## Your assignment
An exact transcription of all the data is required; the pictures are to be left out.

*** Begin section ***

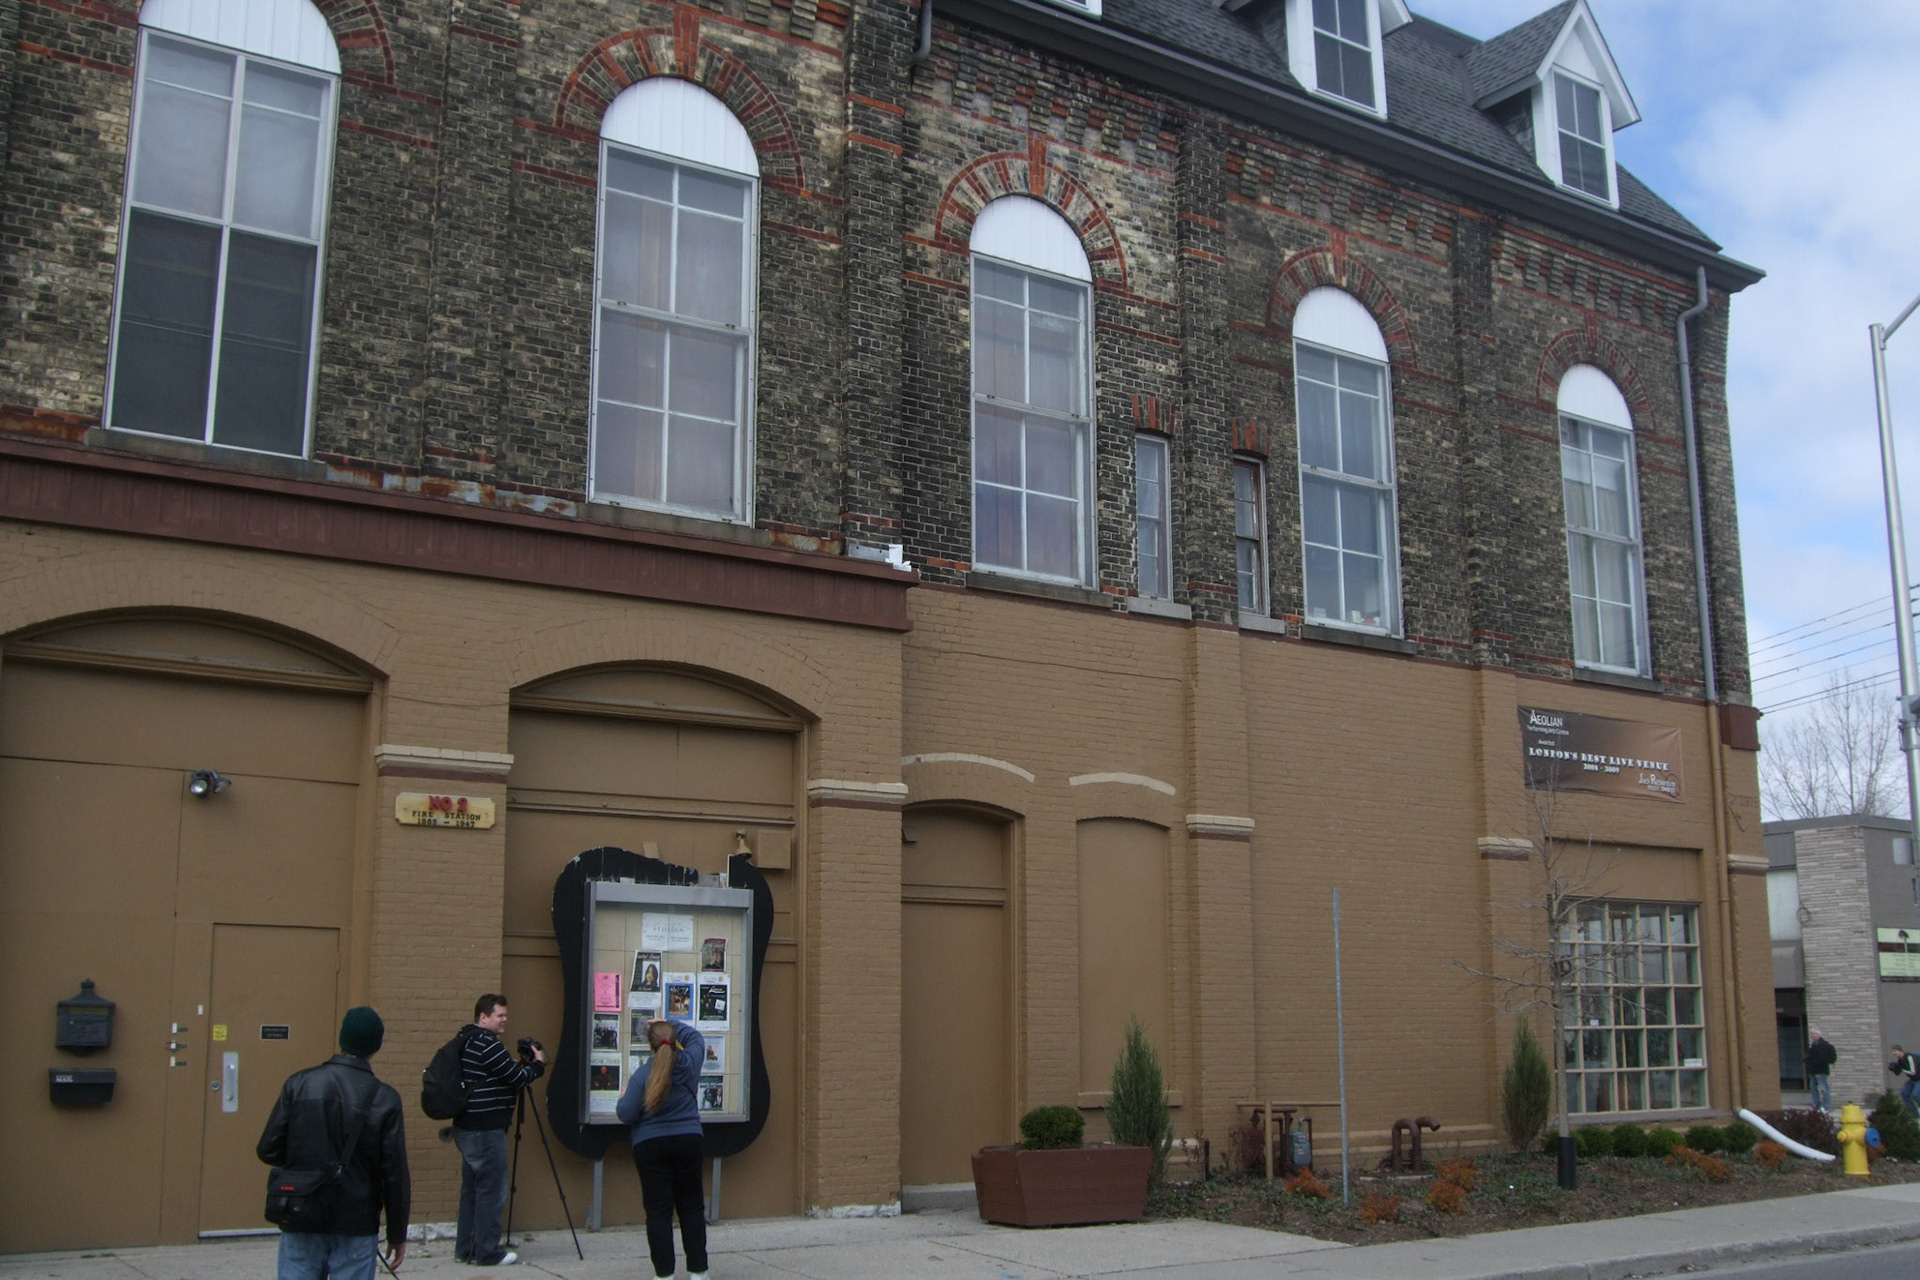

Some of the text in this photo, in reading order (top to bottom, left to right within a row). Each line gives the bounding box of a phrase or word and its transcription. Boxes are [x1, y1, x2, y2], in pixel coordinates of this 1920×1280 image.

[1581, 753, 1606, 764] BEST
[1610, 757, 1635, 767] LIVE
[1637, 760, 1669, 771] VENUE
[429, 795, 468, 812] NO 2
[444, 812, 481, 820] STATION
[456, 820, 475, 828] 1947

*** End section ***

## Answer box
Some of the text in this photo, in reading order (top to bottom, left to right within a row). Each line gives the bounding box of a phrase or word and its transcription. Boxes are [x1, y1, x2, y2], in pixel coordinates of this 1920×1280 image.

[1581, 753, 1606, 764] BEST
[1610, 757, 1635, 767] LIVE
[1637, 760, 1669, 771] VENUE
[429, 795, 468, 812] NO 2
[444, 812, 481, 820] STATION
[456, 820, 475, 828] 1947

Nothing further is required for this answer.